Figure 4 Four of a set of five images (left) of a bronze sculpture under different lighting conditions (taken by waving a desk lamp in front of the sculpture). The user begins with a single source image, and then creates the lighting of the final composite by painting a series of strokes with various image objectives. Strokes using the maximum and minimum luminance objectives are used to remove and add both highlights and shadows. Strokes using the designated color objective are used to select the color of the statue’s base, and to create an evenly lit table surface (the colors of the strokes shown indicate the source image chosen by the image objective). The supplemental video shows the process of creating this result.
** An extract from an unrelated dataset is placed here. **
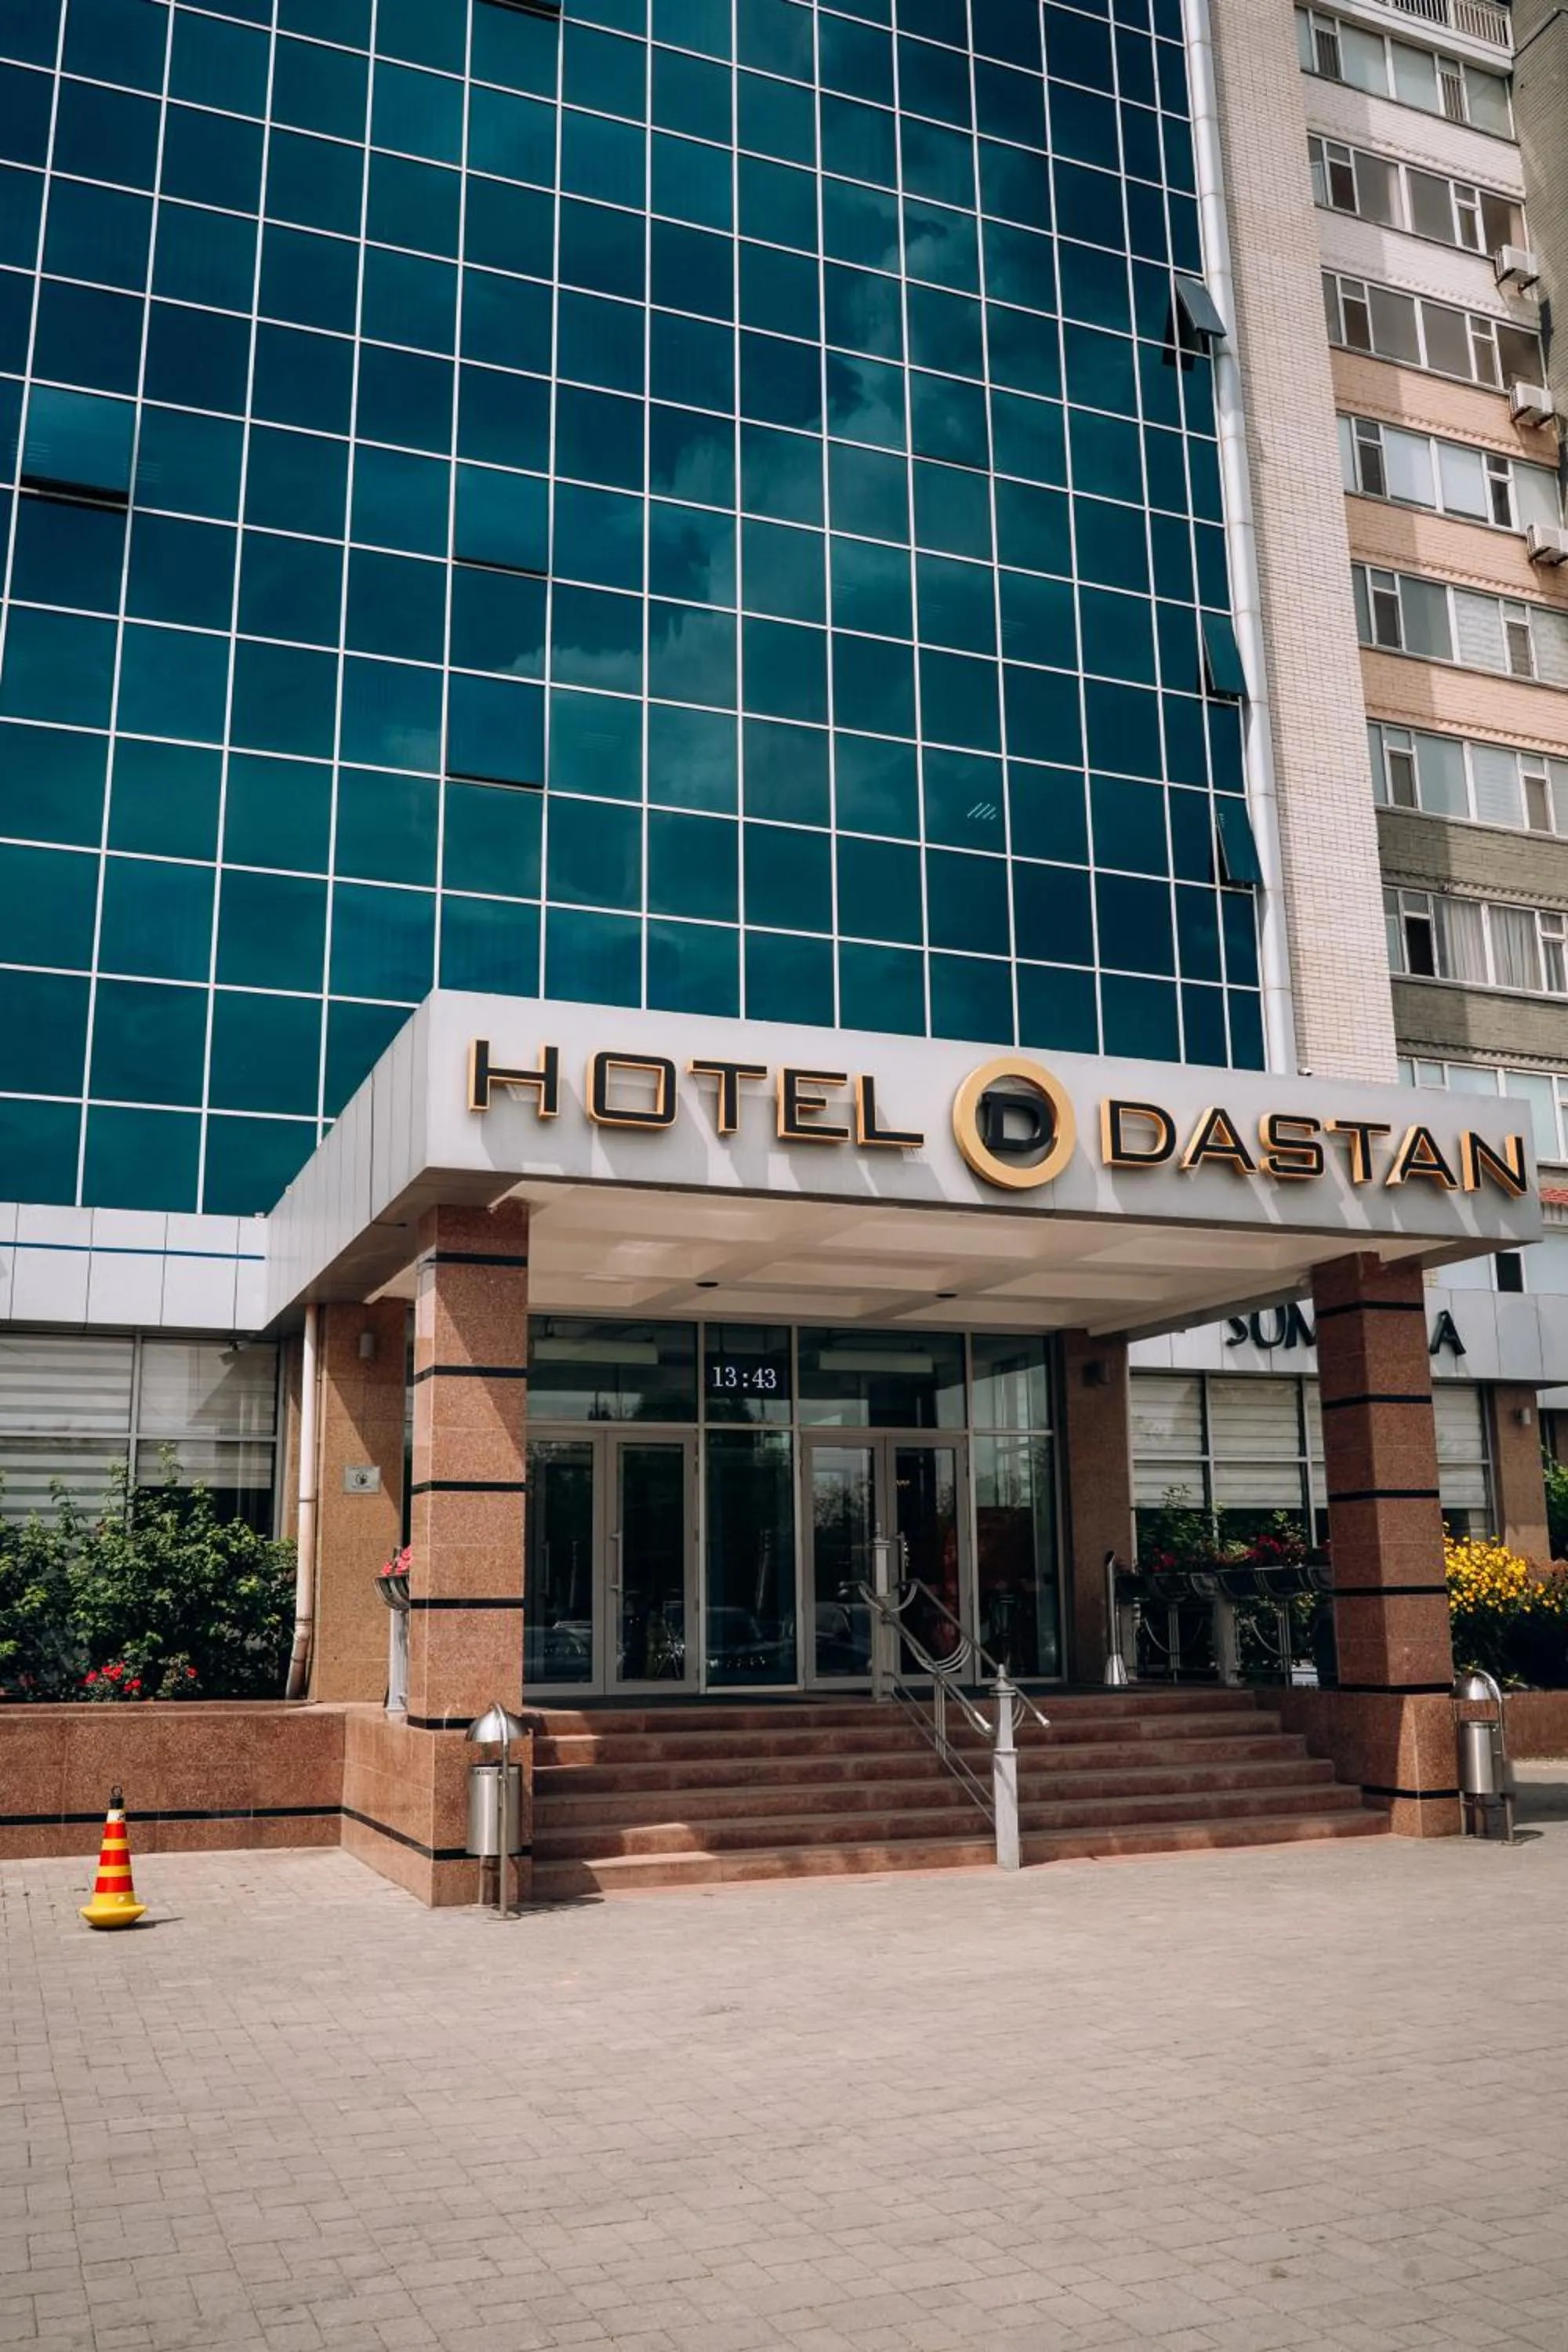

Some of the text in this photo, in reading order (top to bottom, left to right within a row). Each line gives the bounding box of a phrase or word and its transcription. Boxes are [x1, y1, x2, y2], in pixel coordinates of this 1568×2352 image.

Figure 6 We use a set of portraits (first row) to mix and match facial features, to either improve a portrait, or create entirely new people. The faces are firsthand-aligned, for example, to place all the noses in the same location. In the first two images in the second row, we replace the closed eyes of a portrait with the open eyes of another. The user paints strokes with the designated source objective to specify desired features. Next, we create a fictional person by combining three source portraits. Gradient-domain fusion is used to smooth out skin tone differences. Finally, we show two additional mixed portraits.